LoL , i do that when i am washing my face if i need to pee i just do it right there, there is nothgin wrong with it its just water.


----------



## Diacetylmorphine (Mar 9, 2011)

Every time while brushing my teeth. /s


----------



## JGreenwood (Jan 28, 2011)

Once at a concert when the lines were too long for the toilet


----------



## BlackCanvas (Oct 7, 2012)

Saves water... :flush


----------



## T-Bone (Oct 1, 2010)

BlackCanvas said:


> Saves water... :flush


Less splash too, if you bank it.


----------



## Secretaz (Sep 10, 2011)

Ewwww! Boys are disgusting. What makes you to pee in the sink? :um


----------



## UltraShy (Nov 8, 2003)

BlackCanvas said:


> Saves water... :flush


That's what I was thinking. I never have though. Wonder where Al Gore stands on this important issue?


----------



## madsv (Mar 19, 2010)

The ones who said they havent are definitely lying


----------



## Flame Sixtyone (Aug 27, 2009)

The hell... :sus


----------



## Stilla (May 13, 2009)

uke


----------



## Evo (Jan 1, 2012)

HardRock said:


> The hell... :sus


Dafuq... :um


----------



## Octal (Aug 2, 2011)

No, but has anyone peed in the shower? :teeth


----------



## tooz (Feb 18, 2011)

Evo said:


> Dafuq... :um


Gooby, pls . . .


----------



## Joe (May 18, 2010)

Octal said:


> No, but has anyone peed in the shower? :teeth


Better question to ask is if anyone actually hasn't in the shower.


----------



## Fruitcake (Jan 19, 2012)

Huh. I never realised guys did that, but I guess it would be a way to avoid the awkward tinkling sound. Or maybe it's not awkward for most people. Why am I talking about this?


----------



## ShadyGFX (Jul 18, 2012)

This thread is hilarious :haha


----------



## pita (Jan 17, 2004)

WHAT!

I can't believe you people sometimes.


----------



## Diacetylmorphine (Mar 9, 2011)




----------



## FireIsTheCleanser (Aug 16, 2011)

Octal said:


> No, but has anyone peed in the shower? :teeth


Also saves water, and the water that's already coming down washes it away so you don't have to.


----------



## Tania I (Jul 22, 2012)

oh my... -_-
(hope none of my bros done that, but that reminds me to scrub the kitchen sink before washing plates and dishes..and the bathroom sink before i bend to wash my face..)


----------



## avoidobot3000 (Aug 22, 2010)

Strangely enough I was chatting about this a few hours ago. I did it once. Whatever, I payed for the hotel room, I'll do what I like in it.


----------



## Gurosan (Sep 4, 2012)

It is a natural thing to do. Besides it is just natural liquid and if by chance i get piss on my hand, so what? It is not ****ing hazzardous poison or acid and is easy washable away with water.
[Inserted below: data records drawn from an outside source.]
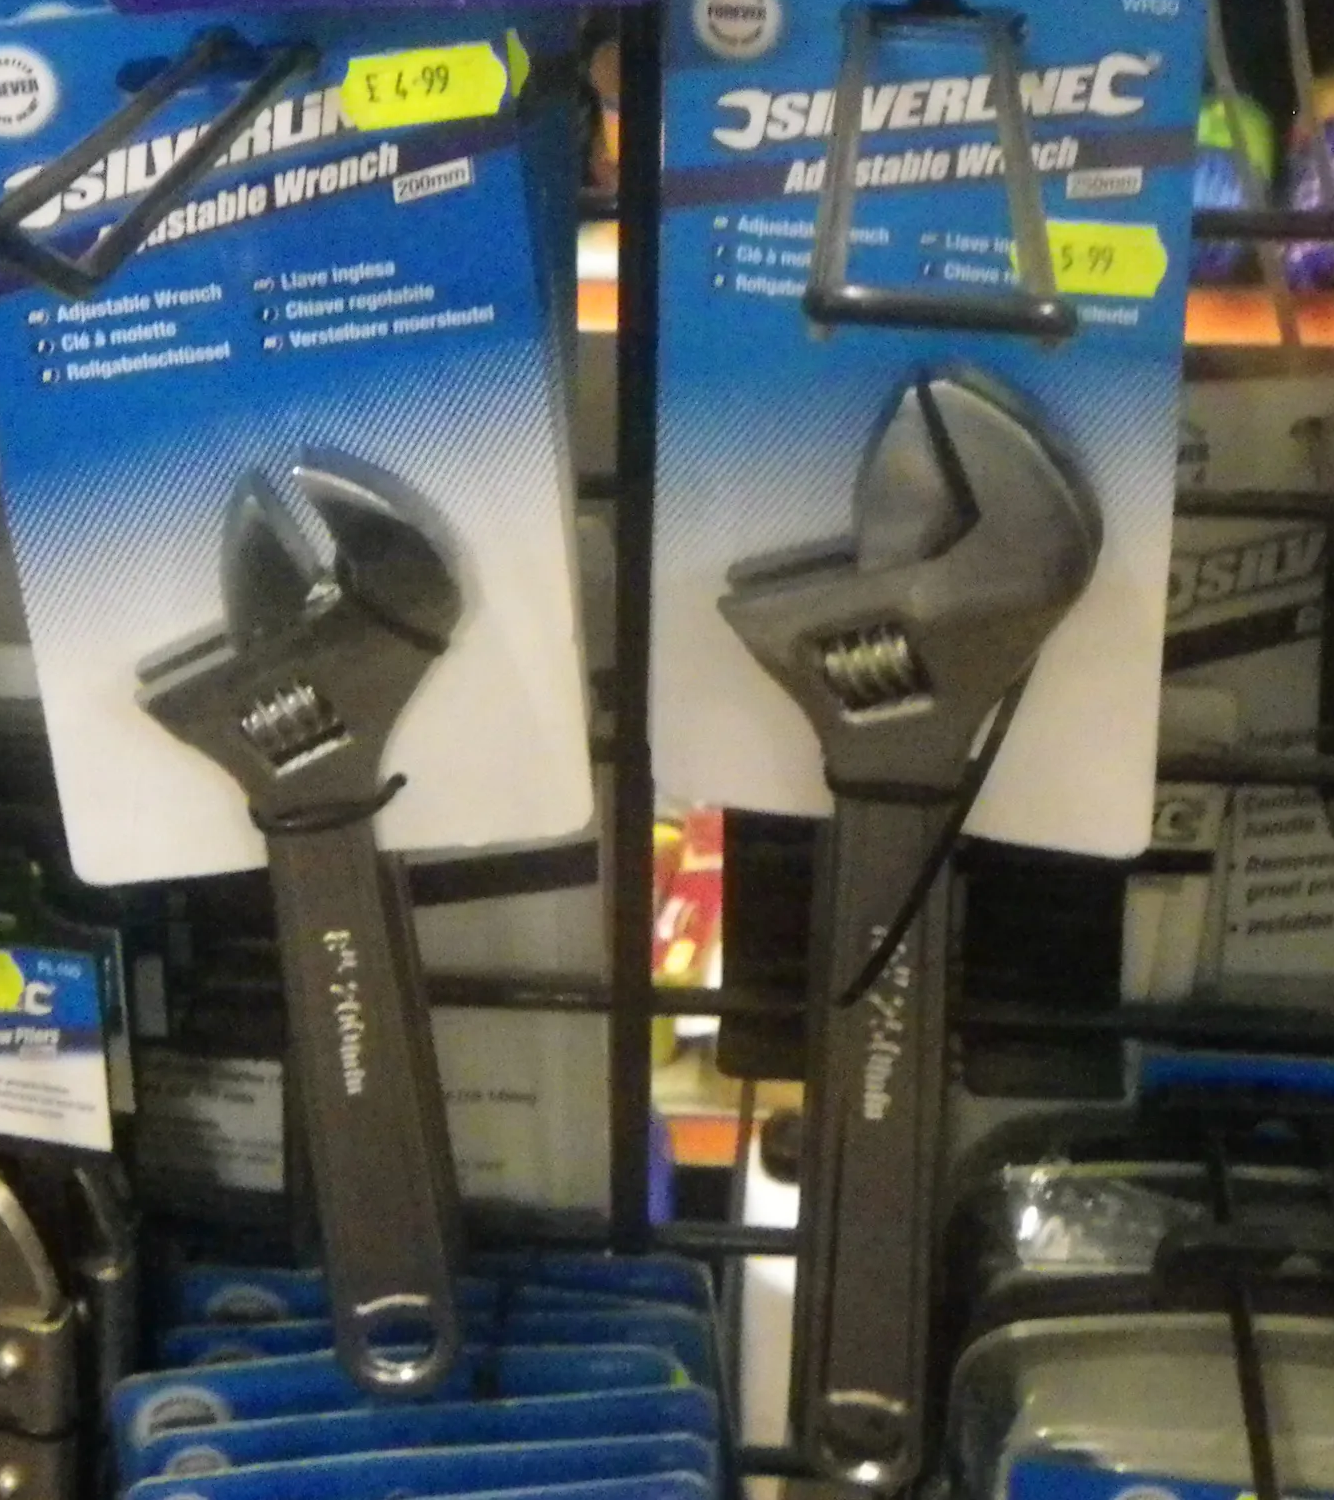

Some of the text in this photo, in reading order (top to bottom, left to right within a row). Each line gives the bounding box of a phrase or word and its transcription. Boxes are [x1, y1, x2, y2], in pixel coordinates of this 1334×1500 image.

[274, 141, 399, 209] Wrench
[395, 167, 468, 199] 200mm
[280, 270, 329, 292] Llave
[56, 282, 223, 325] Adjustable Wrench
[284, 297, 345, 321] Chiave
Same with outdoor sh1ttings...you find it disgusting and consider it a crime? well guess what, it is another natural thing to do...{assuming its being done in nature not on some street corner}

It just comes down on your own opinion and not on what society is implanted and forced you to belive in..think and and make your own views on things instead of just adopting someone's opinion.


----------



## Fruitcake (Jan 19, 2012)

Gurosan said:


> It is a natural thing to do. Besides it is just natural liquid and if by chance i get piss on my hand, so what? It is not ****ing hazzardous poison or acid and is easy washable away with water.
> 
> Same with outdoor sh1ttings...you find it disgusting and consider it a crime? well guess what, it is another natural thing to do...{assuming its being done in nature not on some street corner}
> 
> It just comes down on your own opinion and not on what society is implanted and forced you to belive in..think and and make your own views on things instead of just adopting someone's opinion.


Outdoor pooping isn't like peeing in a sink. People use kitchen sinks to wash things that they eat from and it could splash on the bench and dishes. Now I am imagining it in great detail.
I don't think relieving yourself in the area you prepare food is natural. Pooping outdoors is far more natural than using a toilet though.


----------



## CWe (Mar 7, 2010)

Toilet bowl AKA the Sh----er and maybe in the tub but not in the sink! i piss in bottles but not the sink! wth


----------



## Gurosan (Sep 4, 2012)

Fruitcake said:


> Now I am imagining it in great detail.
> .


It is understandable that people wouldnt want piss in his/her ice cream bowl and all, but if one is seriously peeing in a sing, i think it is obvious that it should be washed properly afterwards...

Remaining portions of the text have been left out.